I posted a comment to Mr. Van Abel's blog a day ago and it has not shown up. Someone over there is deciding which comments to post to the public and which not to. Not a very good way to have a dialogue, IMO.

Did the post get read? Did it get taken seriously? Was it just put into the trash bin? If a comment is not posted, the least they could do is fire off a boiler plate email to the sender acknowledging it's receipt and that it's been read.

In the letter I basically made the following points:

1. If IMBA membership is 50-50 about the bill then it would seem Van Abel really ought to have made his post an illumination of the pros and cons of the bill. AND HE SHOULD have included a link to a 'pro' letter to send to Congress rather than ONLY a link to a 'con' letter.

2. Another commenter asked for the survey results, but was told they weren't ready to be released. If Chaoter Leaders have seen the results, why haven't the members? It's data - get it out there! Or are they too busy working the numbers so they show support for Van Abel's position. I hope not, but what else would they continue to withhold the results once they were collated enough to share with Chapter Presidents?

3. While his win-win kumbaya-esque desire for trail advocacy is all fine and dandy, he goes on to state what that means is that the win side for his membership is 'political and legislative' in nature. You know what? I can't ride a 'political and legislative' trail. So that win really doesn't sound very enticing to me. I wonder what 'political and legislative' trails he's been out riding lately? Warm fuzzy relationships with conservationists are a great tact, but he needs to remember he's the head of a MTBiking PAC first and foremost. This letter does not reflect that.

4. Obviously, it was a conservationist group or groups that proposed, supported, and pushed thru the latest rounds of Wilderness designations that have removed our access to so many miles of pre-existing trails (I'm assuming this is true). Surely it wasn't some congressman that woke up with nothing to do one Monday morning. CLEARLY, the kumbaya relationship Van Abel thinks exists is not nearly as strong as he'd like us to believe. How many cheek's is he going to turn? How many trails is he going to lose us before he realizes that sometimes stepping on some toes - and even a black eye or two - is required to ADVOCATE FOR HIS MEMBERSHIP?

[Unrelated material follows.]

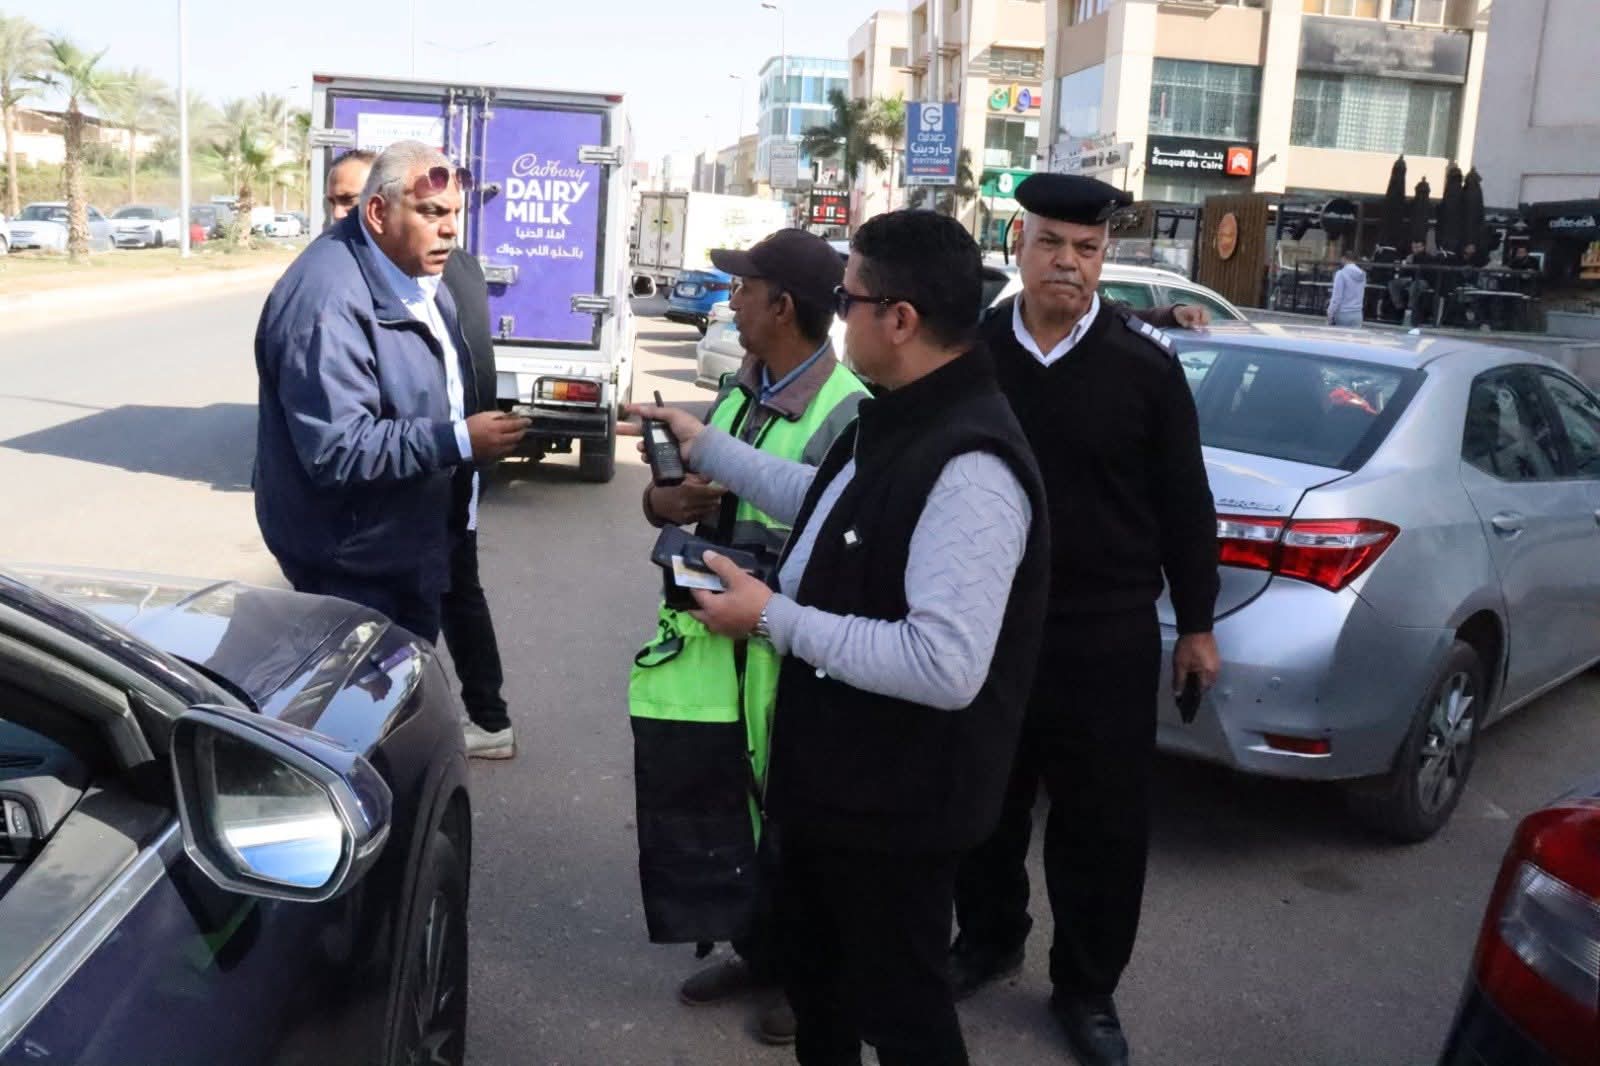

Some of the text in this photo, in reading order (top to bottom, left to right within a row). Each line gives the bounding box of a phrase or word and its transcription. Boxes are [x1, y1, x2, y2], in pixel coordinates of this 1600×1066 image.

[512, 153, 585, 183] Cadbury
[1152, 156, 1224, 170] Banque du Caire
[506, 177, 590, 203] DAIRY
[505, 200, 571, 225] MILK

5. As has been noted elsewhere, when Wildness designations have happened in the past, some activities have been grandfathered in since they existed in that region prior to the designation. In fact, the whole of the act since its inception grandfathered in walking/hiking and horses! Where the heck what Van Abel when this latest round of designations was being decided upon? Where was his battle cry? Where was his cry to arms to his membership?

In closing, I suggested that he ought to reconsider the standard he's using to determine if he's the best man for the job and if he's really representing his membership or his own agenda. Because, if his membership is split 50-50 on this issue, then I'd be willing to bet there's also a 50-50 split on whether he should still be president of the membership.


----------



## slocaus (Jul 21, 2005)

emjayel said:


> 2. Another commenter asked for the survey results, but was told they weren't ready to be released. If Chaoter Leaders have seen the results, why haven't the members?


It has not been released to the Chapters yet.


----------



## CANADIANBACON (Sep 25, 2005)

emjayel said:


> Where was his battle cry? Where was his cry to arms to his membership?.


I reached out to MVA about 6 years ago at the time of renewing my annual donation. Your comments:



emjayel said:


> In closing, I suggested that he ought to reconsider the standard he's using to determine if he's the best man for the job and if he's really representing his membership or his own agenda..


*Are spot on.*

It may not be clear enough yet, but we mountain bikers are staring down the barrel of a major existential challenge in the form of demographic and economic cliffs.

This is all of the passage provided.